That’s why it’s so great to be an advocate. If you get it right, then you are famous and can make lots of money writing books. If you are wrong, you can still argue (like Jacques Delors) that the problem was not in the design but in the implementation by those idiots who strayed from your pure vision. And then you can still make lots of money writing books.

The most famous recent historical instance of a failed policy, the Baldwin-Chamberlain attitude of Appeasement towards Nazi Germany, is a case in point. That policy may have caused the Second World War, precipitated the Holocaust, killed tens of millions of people and caused untold ruin.  If ever there was a catastrophic policy that was it. Yet neither Baldwin nor Chamberlain were personally held to account. Winston Churchill even spoke at Chamberlain’s funeral and extolled his honesty and sincerity. The only price either paid was at the hands of the voters and history.

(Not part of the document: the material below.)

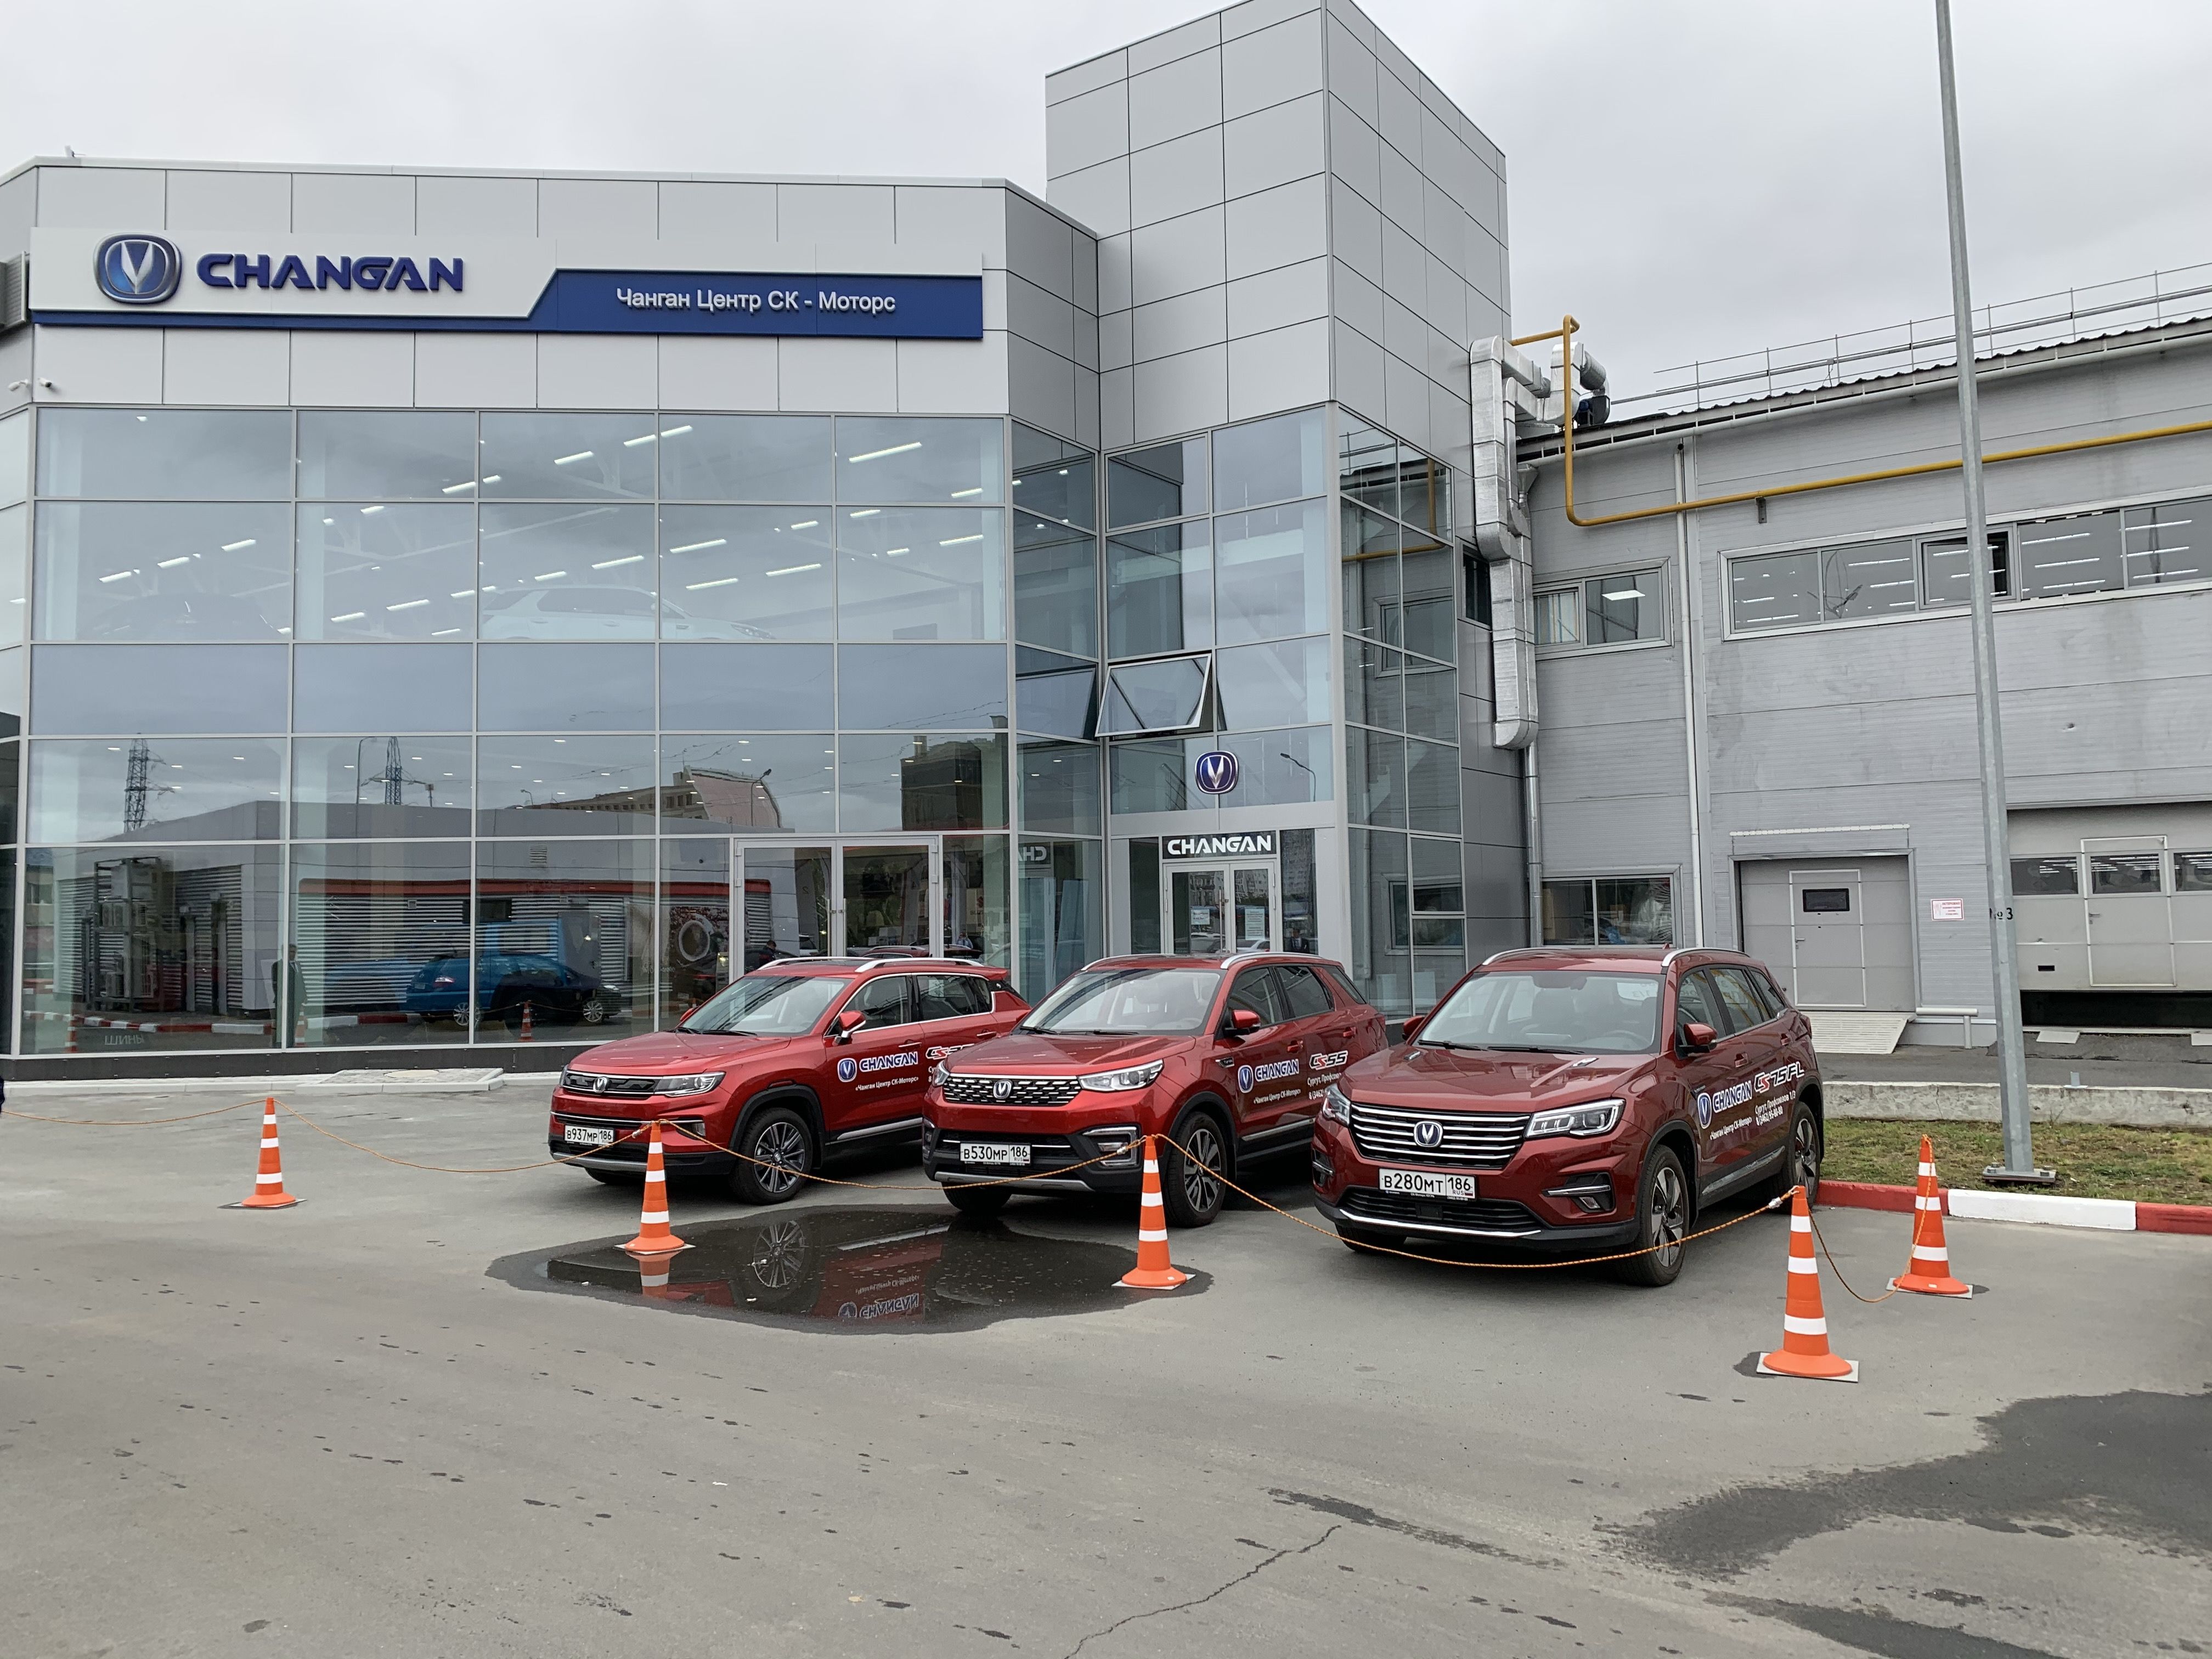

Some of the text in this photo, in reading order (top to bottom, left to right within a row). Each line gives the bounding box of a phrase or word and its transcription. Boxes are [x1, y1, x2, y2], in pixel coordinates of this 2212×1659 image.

And those are ghostly hands. As George W. Bush once said, ‘by the time history gets around to judging, you are probably gone’. And then it will be: “hmm, Chamberlain? Didn’t he play for the Celtics?”  And in the unlikely event that the advocates of a catastrophically wasteful policy are still alive and kicking, they will plead that ultimate Leftist defense. ‘I meant well. I was idealistic. We were saving the world’.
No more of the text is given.